Nearly every room was outdated or impractical. The south-facing living room was dark while a kitchen renovated in the '90s had a bar that was now only used for storage. Little storage in the laundry made it a pain and the bathrooms felt clumsy thanks to large vanity units with no storage. "Originally, the owner's wanted a complete renovation of the property, but this wasn't possible due to time and budget restraints", explains Alexandra Ansari of Ansari Architects. "They also wanted to continue living at the property during renovation, which needed to be factored into the brief." After working out exactly what the owners wanted to achieve, it was clear to the architect they needed to focus on key areas of the home which would make all the difference to how it felt to live in and how practical it was for the owners.
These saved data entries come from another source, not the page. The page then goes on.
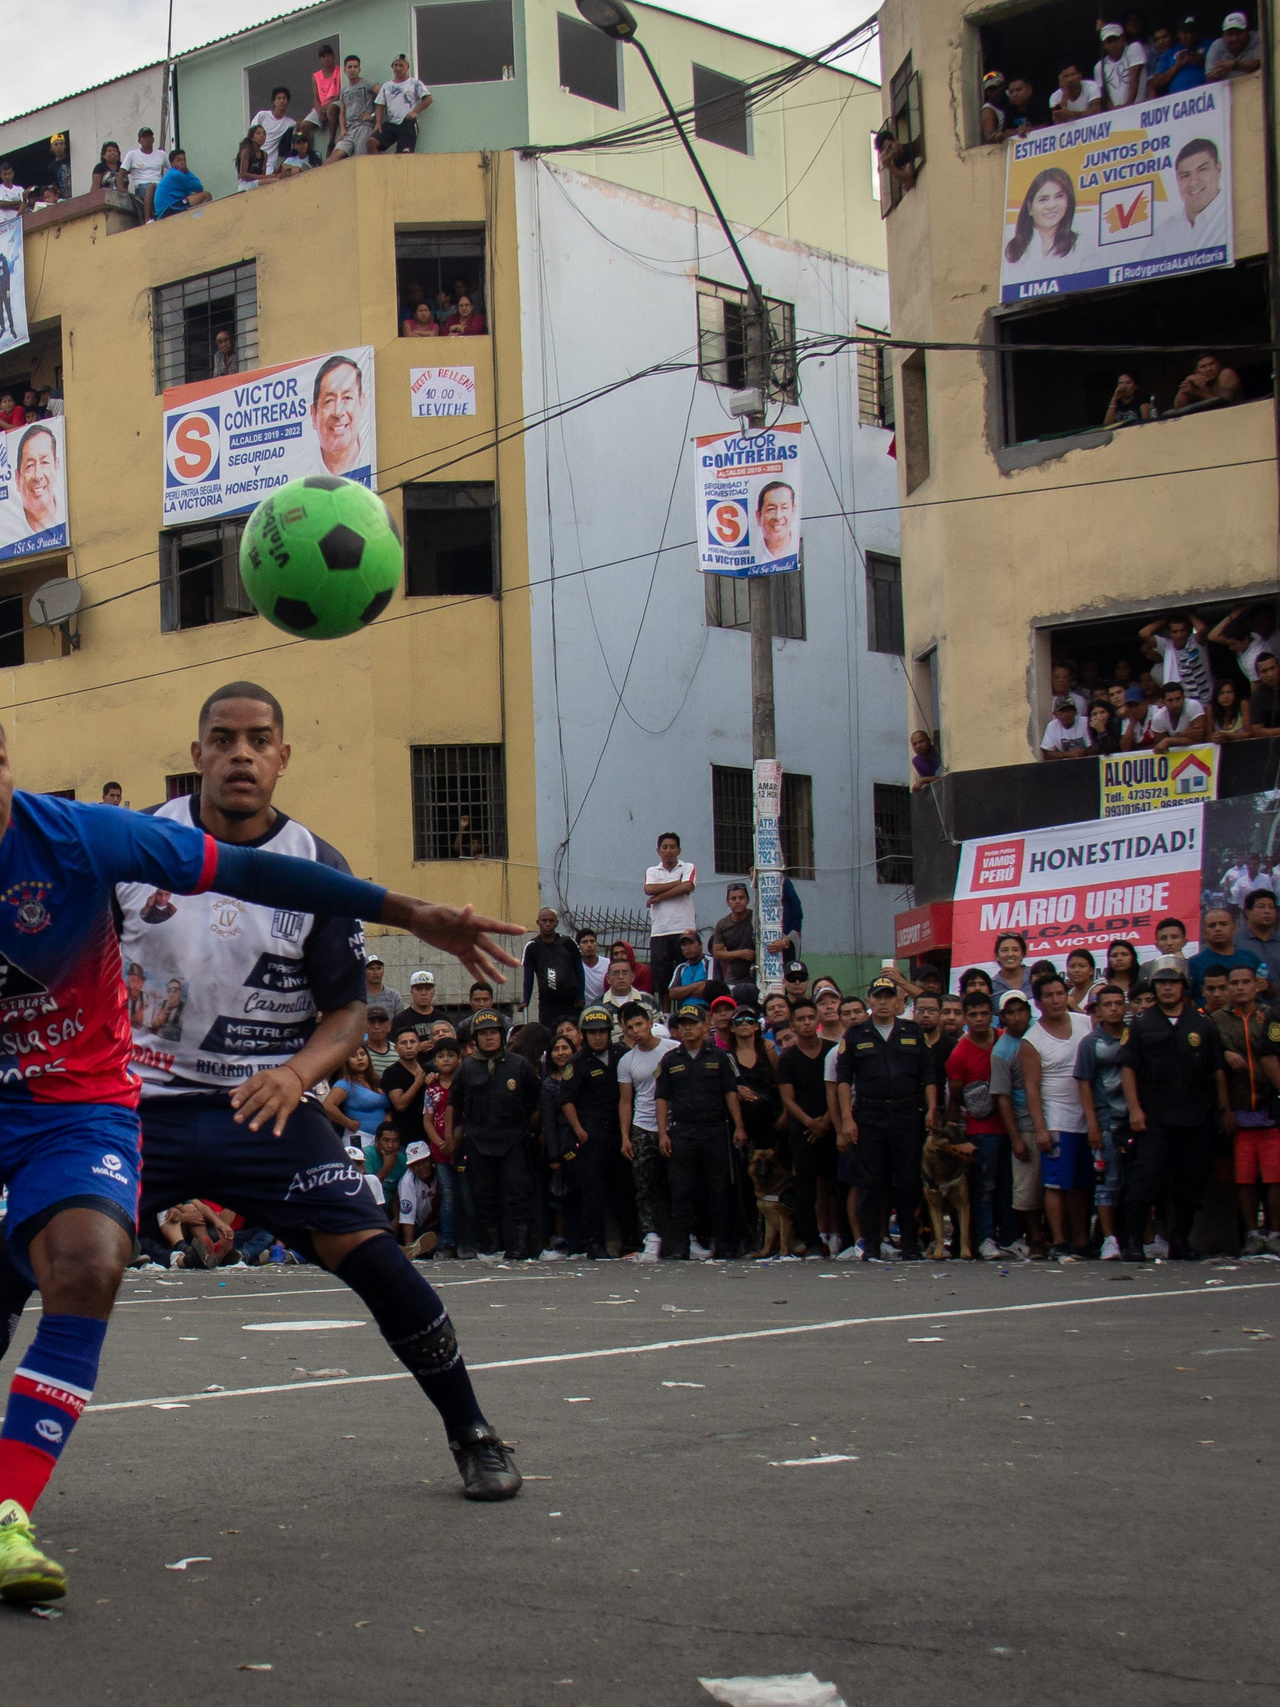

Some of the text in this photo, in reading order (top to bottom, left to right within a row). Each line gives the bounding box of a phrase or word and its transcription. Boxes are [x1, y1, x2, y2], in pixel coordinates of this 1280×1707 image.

[1141, 91, 1215, 129] RUDY GARCÍA
[1015, 121, 1111, 160] ESTHER CAPUNAY
[1083, 135, 1170, 169] JUNTOS POR
[1080, 155, 1172, 189] LA VICTORIA
[1020, 280, 1059, 298] LIMA
[234, 378, 298, 408] VICTOR
[224, 398, 307, 431] CONTRERAS
[419, 403, 469, 416] CEVICHE
[231, 433, 263, 446] ALCALDE
[264, 430, 280, 441] 2019
[285, 426, 301, 437] 2022
[724, 434, 776, 452] VICTOR
[174, 416, 211, 478] S
[228, 447, 285, 467] SEGURIDAD
[702, 445, 798, 468] CONTRERAS
[253, 465, 260, 476] Y
[166, 483, 222, 500] PERÚ PATRIA SEGURA
[225, 475, 288, 495] HONESTIDAD
[164, 494, 223, 513] LA VICTORIA
[715, 505, 741, 543] S
[702, 554, 756, 565] LA VICTORIA
[1104, 756, 1168, 788] ALQUILO
[758, 782, 778, 790] AMAR
[1127, 787, 1169, 800] 4735724
[758, 819, 778, 828] ATRA
[1030, 828, 1195, 873] HONESTIDAD!
[982, 854, 1016, 868] VAMOS
[761, 876, 781, 886] ATRA
[979, 865, 1015, 883] PERÚ
[980, 882, 1169, 932] MARIO URIBE
[220, 910, 237, 927] LV
[1021, 915, 1151, 940] LCALDE
[1029, 931, 1140, 951] LA VICTORIA
[46, 1008, 85, 1046] SAC
[475, 1014, 498, 1024] POLICIA
[585, 1014, 607, 1022] POLICIA
[224, 1038, 305, 1050] MAZZINI
[196, 1058, 253, 1077] RICARDO
[91, 1165, 128, 1185] WALON
[284, 1164, 364, 1201] Avanty
The first step was to remove the bar which immediately opened up the kitchen space to a more functional arrangement. A bigger, more centralised kitchen now feels more connected to the lounge and dining spaces, while a large island bench is a perfect place for family and friends to gather. The configuration of the kitchen also makes the whole space work more effectively, creating areas for dining, relaxing and gathering around while cooking. Light can still spill under and over a clever joinery unit in the kitchen, while still providing so much additional storage, while a mirrored splashback helps to visually expand the whole space.
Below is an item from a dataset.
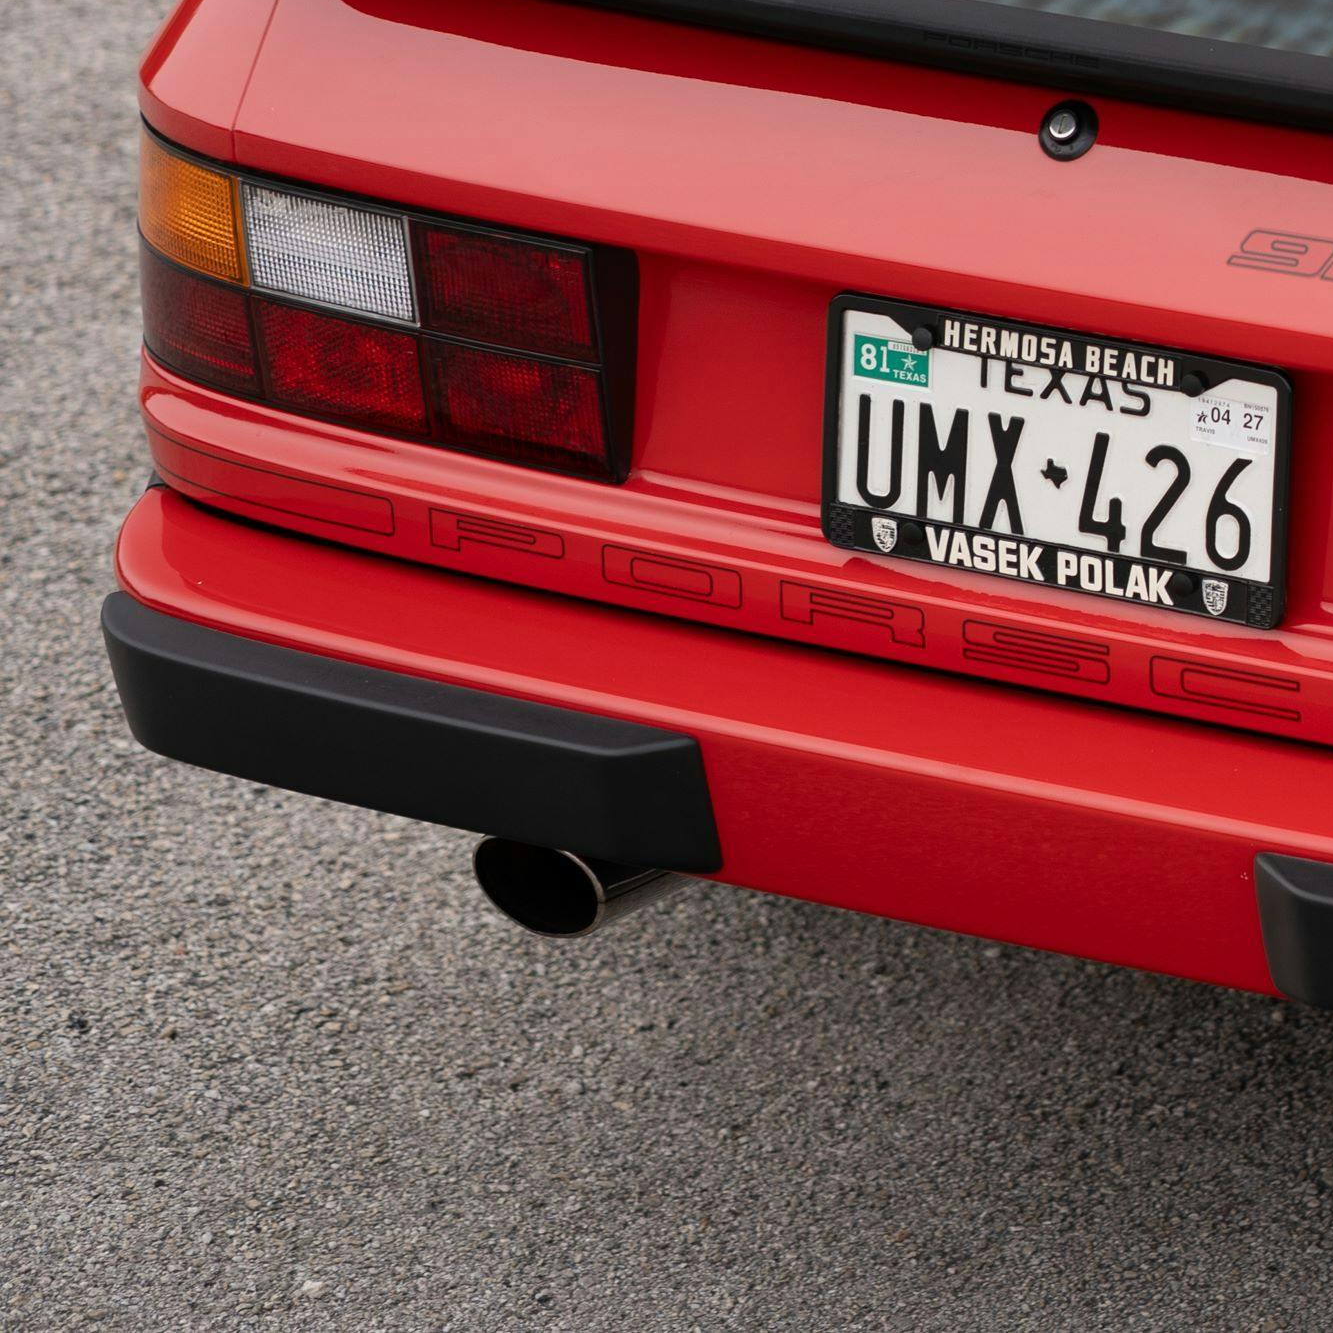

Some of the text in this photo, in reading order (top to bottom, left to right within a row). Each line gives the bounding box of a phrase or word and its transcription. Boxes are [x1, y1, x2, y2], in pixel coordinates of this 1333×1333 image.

In the laundry, attention was paid to clever storage options including doors that retract back into their housings to maximise space in the narrow thoroughfare. New vanities in the bathrooms create plenty of storage space and, being wall hung, they also help to make the room feel larger. Existing skylight shafts were opened up and replaced with larger, more modern options which allow light and air into previously dark spaces.
Now, about that fireplace. The owners loved the warmth and sense of coziness it offered but hated the way it looked. The architect could see its potential though, realising that the natural colour and pattern of the marble was quite beautiful, it just needed to be balanced and complemented with the interior palette to make it work as the focal point of the room. "The red marble set the perfect mood for the renovation and inspired the colour scheme", explains the architect. The result? The owners and their children are converts: they love their old-look fireplace in their new-look home.
"The owners knew they wanted a modern look and a predominantly grey colour palette, but the rest was open to interpretation. Both the material and colour palette makes each space look much bigger, lighter and therefore more comfortable to spend time in", explains the architect. "Along with achieving a modern and timeless aesthetic, each space is now fit for the family that lives there."
So, while your first instinct might be to trash that old fireplace (or whatever currently feels out-of-place in your home), having an expert think creatively about your design might open you to new possibilities. Who knows, your old fireplace might become your new favourite thing in your home.